Columns > Mijn laadpaal doet het weer

Mijn laadpaal doet het weer

Mijn laadpaal doet het weer. U wist niet dat ie kapot was en u wist waarschijnlijk niet eens dat ik zo’n ding heb – maar ik heb zo’n ding om een elektrische auto op te laden en dat ding deed even niks meer. Hier volgt wat er daarna gebeurde. Boeiend leesvoer voor mensen die druk zijn met klantenservice, kwaliteitsverbetering en customer experience journeys – met dingen die de wereld niet per se veel beter maken, maar die we allemaal wel heel belangrijk vinden.

 

Een kapotte laadpaal leidt tot een melding door de eigenaar van die paal, door mij dus.
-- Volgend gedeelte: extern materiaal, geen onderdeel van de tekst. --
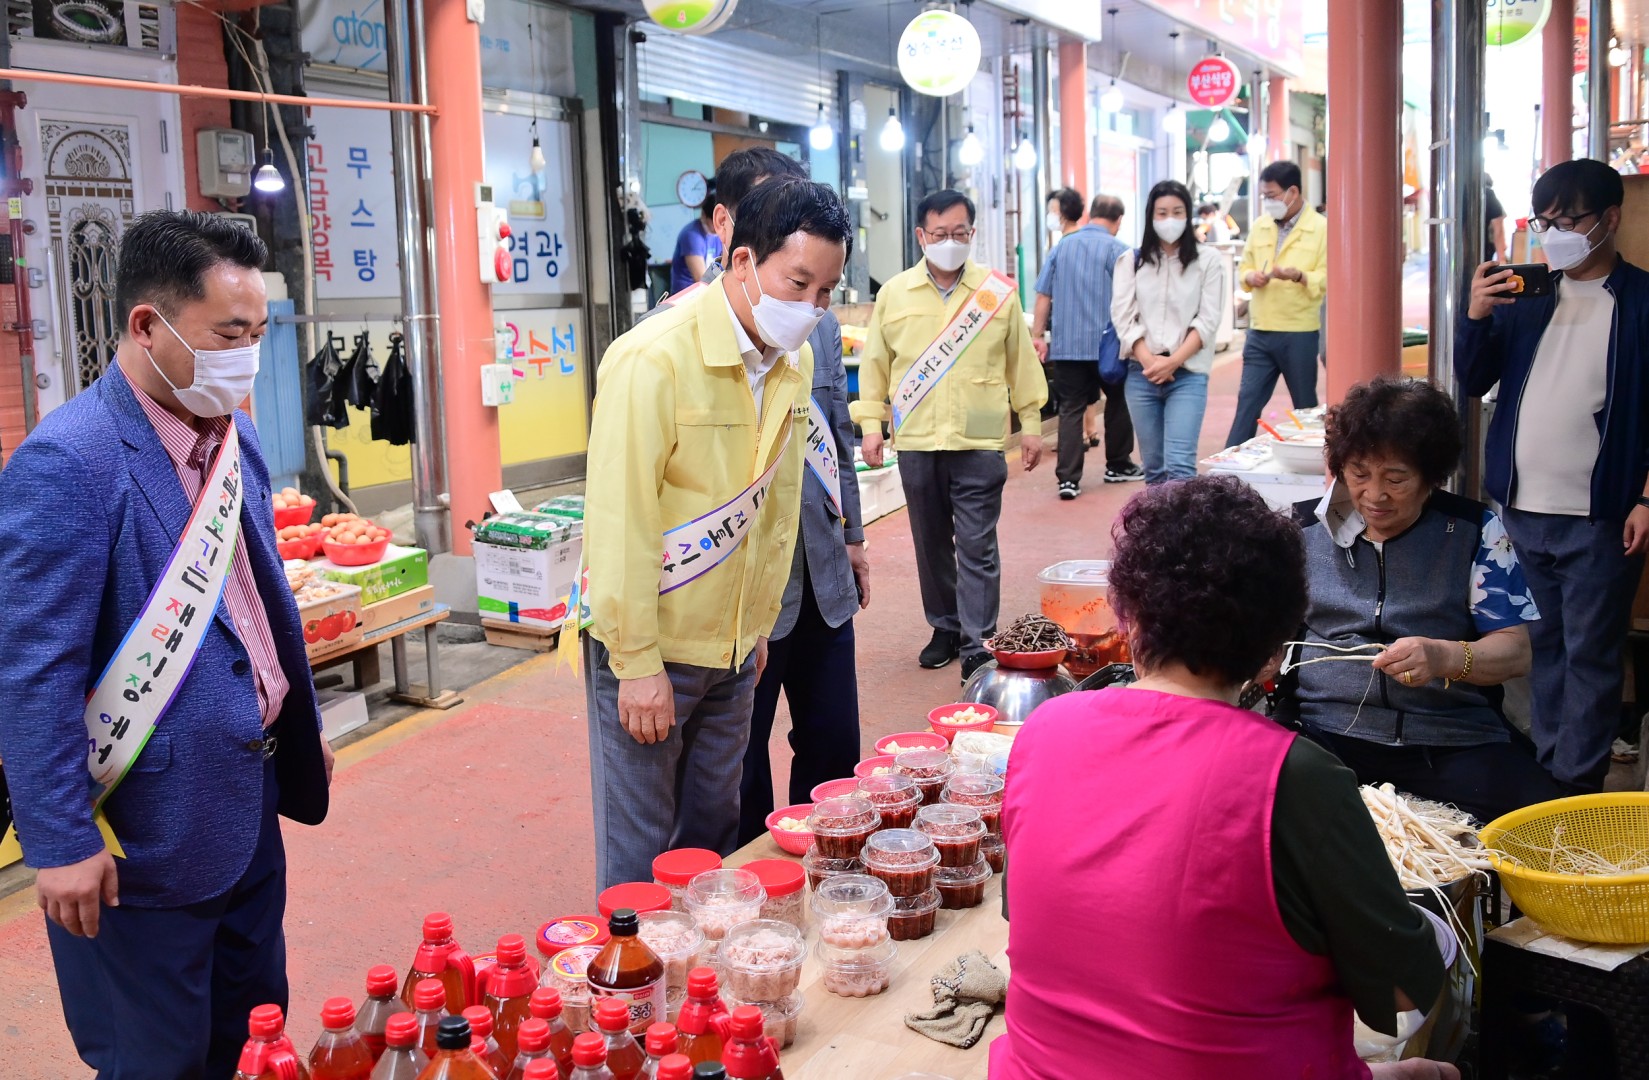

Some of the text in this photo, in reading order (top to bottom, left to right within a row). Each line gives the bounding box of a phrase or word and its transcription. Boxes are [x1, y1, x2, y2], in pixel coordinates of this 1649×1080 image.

Het telefoonnummer staat op de paal en dat is handig. De menustructuur die ik hoor maakt duidelijk dat ik destijds heb gekozen voor een multinationale laadpaalleverancier: ik kan namelijk kiezen tussen Nederlands, English en Deutsch. Daarna voor Verkoop, Administratie en Storingen en weer daarna voor dertig minuten wachten met of zonder muziekje. Zonder is keuze 1, met muziek is geen nummer.
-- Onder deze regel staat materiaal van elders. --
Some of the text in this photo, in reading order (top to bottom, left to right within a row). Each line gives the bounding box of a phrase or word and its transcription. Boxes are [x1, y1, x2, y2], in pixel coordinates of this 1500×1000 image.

Na een half uur vraagt een dame of ik de hoofdschakelaar in de meterkast wil uitzetten, een paar minuten wil wachten en dan weer aan. Daarna zal mevrouw op afstand de boel resetten. Waarna ze zal zien dat het allemaal niet helpt en dan zal ze een monteur inplannen. Ik zal daar een mail over krijgen.

Ik krijg geen mail en dus bel ik twee dagen later dat nummer op mijn laadpaal nog een keer. Ik kies voor Nederlands, Storingen, Zonder Muziek en krijg een meneer aan de telefoon die zegt dat ik de hoofdschakelaar in de meterkast moet uitzetten en daarna weer aan. ‘Hij doet het nog niet’, stellen hij en ik vast. Meneer wil een monteur inschakelen en ik zeg dat ie eerst de boel op afstand moet resetten. ‘Dat deed uw collega eergisteren ook.’ ‘O ja’, zegt de meneer. En daarna ziet hij dat het niet helpt en dat hij een monteur gaat inplannen. Ik zal daar een mail over krijgen.
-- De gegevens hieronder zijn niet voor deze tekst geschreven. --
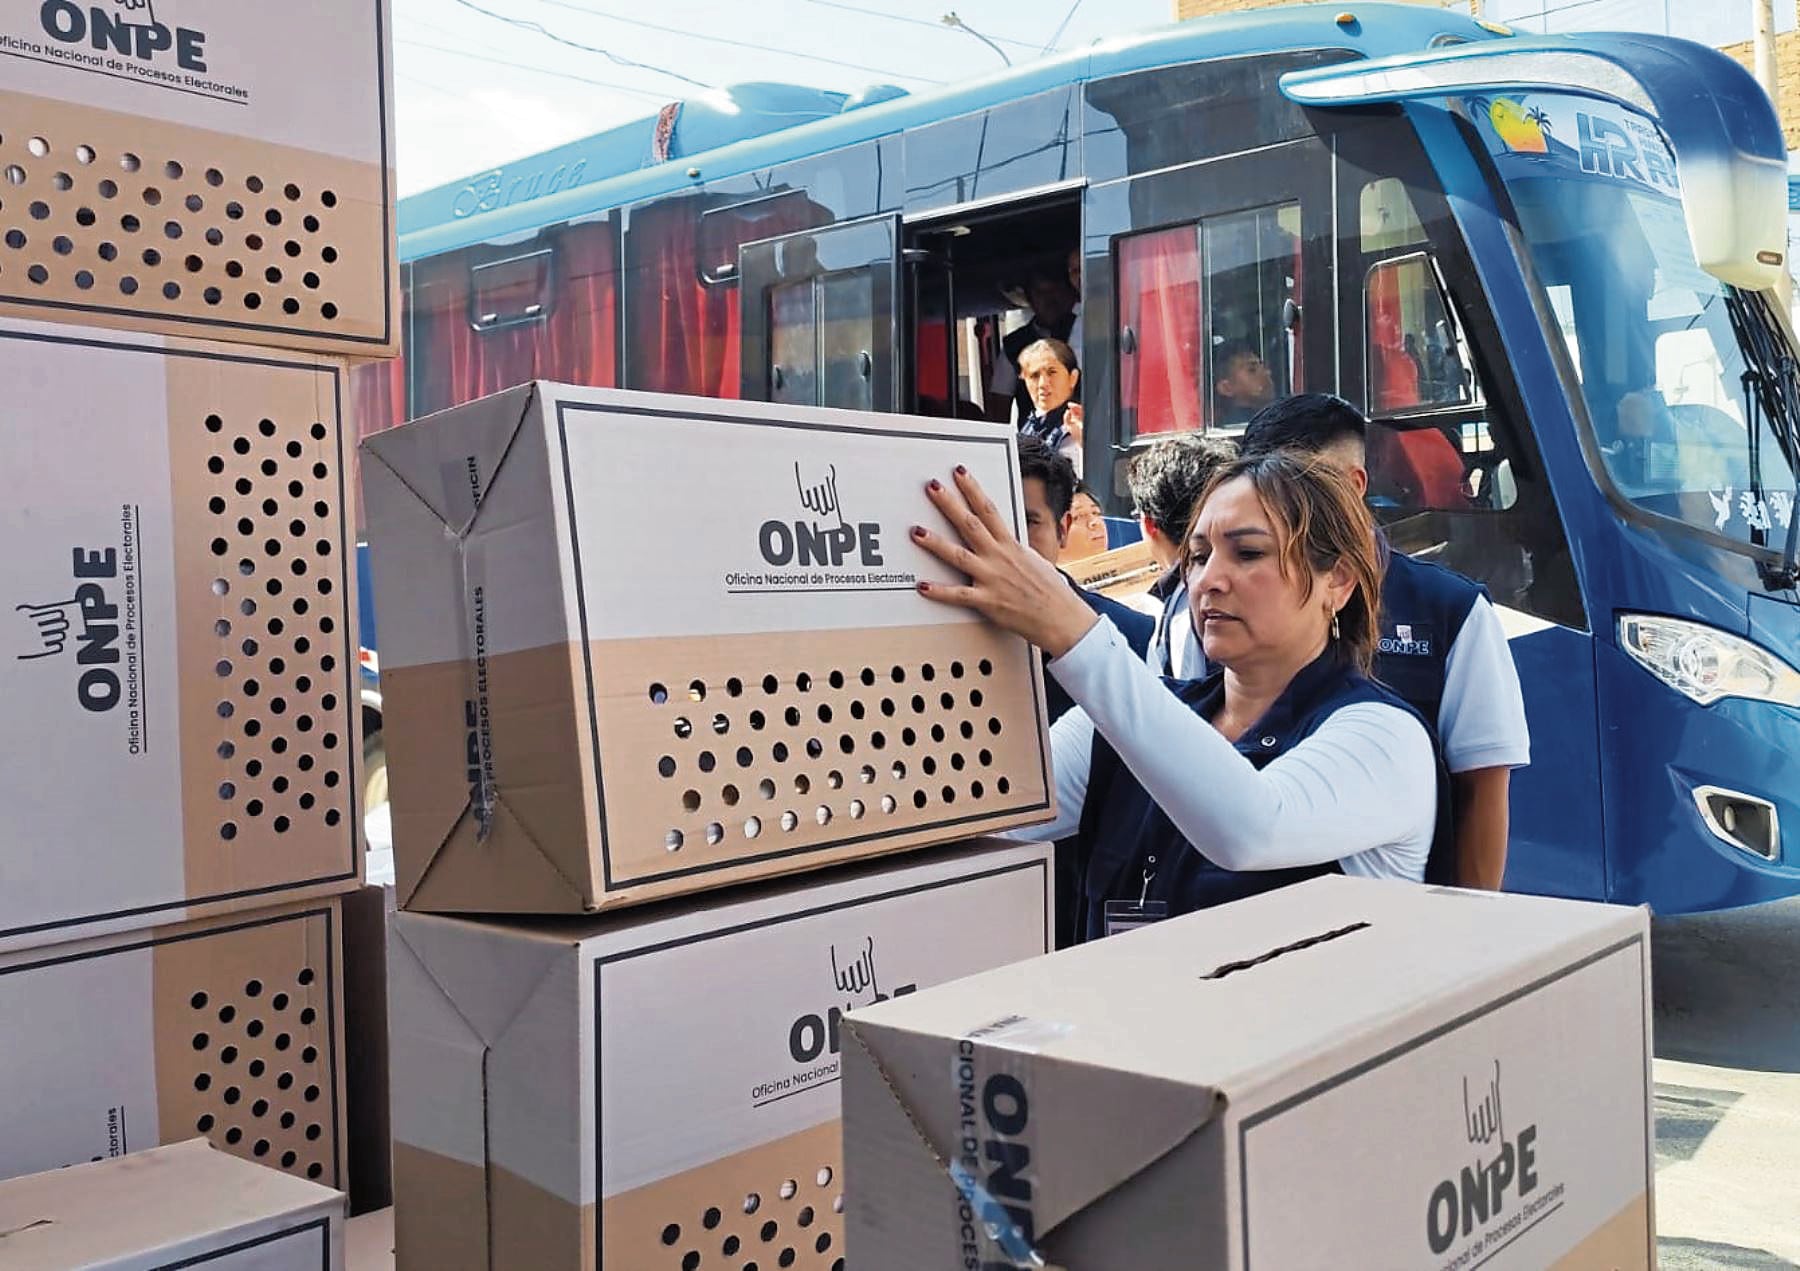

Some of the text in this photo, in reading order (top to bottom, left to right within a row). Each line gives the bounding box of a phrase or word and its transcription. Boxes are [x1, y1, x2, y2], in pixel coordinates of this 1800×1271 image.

[41, 0, 207, 72] ONPE
[45, 45, 103, 67] Nacional
[106, 58, 123, 71] de
[126, 62, 181, 84] Procesos
[184, 75, 248, 98] Electorales
[725, 571, 915, 585] Oficina Nacional de Procesos Electorales
[759, 520, 883, 566] ONPE
[72, 547, 121, 712] ONPE
[121, 503, 139, 754] Oficina Nacional de Procesos Electorales
[474, 586, 488, 693] ELECTORALES
[1378, 638, 1429, 655] ONPE
[752, 1061, 839, 1099] Oficina Nacional
[959, 1040, 977, 1131] CIONAL
[107, 1107, 119, 1157] ctorales
[981, 1074, 1034, 1271] ONP
[1427, 1124, 1537, 1254] ONPE
Twee dagen later bel ik weer en dan is de wachttijd zonder muziek 35 minuten. Ik zeg na 35 minuten dat ik geen hoofdschakelaar wil uit- en aanzetten en dat ik ook niet wil wachten op een mail. ‘Verbind me alsjeblieft door met Planning. Dan kan ik meteen een afspraak met een monteur maken.’ Meneer zegt dat hij me begrijpt en zegt sorry voor de niet verstuurde mails, zegt me door te verbinden en verbreekt de verbinding. Ik vloek.

Een week later belt er dan toch een monteur aan. ‘Ik zie het al’, zegt de monteur. Hij ziet het al, want herkent mijn laadpaal. ‘Dat type heeft een productiefout. We hebben al in 1200 van die palen een onderdeel vervangen. Ik heb die onderdelen tegenwoordig standaard in mijn auto liggen.’

Ik zeg o, vraag of de monteur koffie wel en dat wil hij. Daarna vraag ik waarom niemand van die telefonische storingsafdeling dat niet zei en in plaats daarvan me de hoofdschakelaar uit en weer aan liet zetten. ‘Omdat ze dat niet weten’, zegt de monteur. Ik zeg iets van ‘O ja, natuurlijk’, vergeet te vragen waarom niemand ze dat vertelt en vraag daarna waarom het bedrijf niet preventief alle laadpalen van mijn type bezoekt om dat ene onderdeeltje te vervangen. ‘Dat voorkomt storingen’, bedenk ik hardop.

De monteur zegt dat hij dat een goed idee vindt, maar dat het zo nu eenmaal niet werkt. Ik vraag waarom niet en de monteur zegt ‘Tja’ en ‘Geen idee’.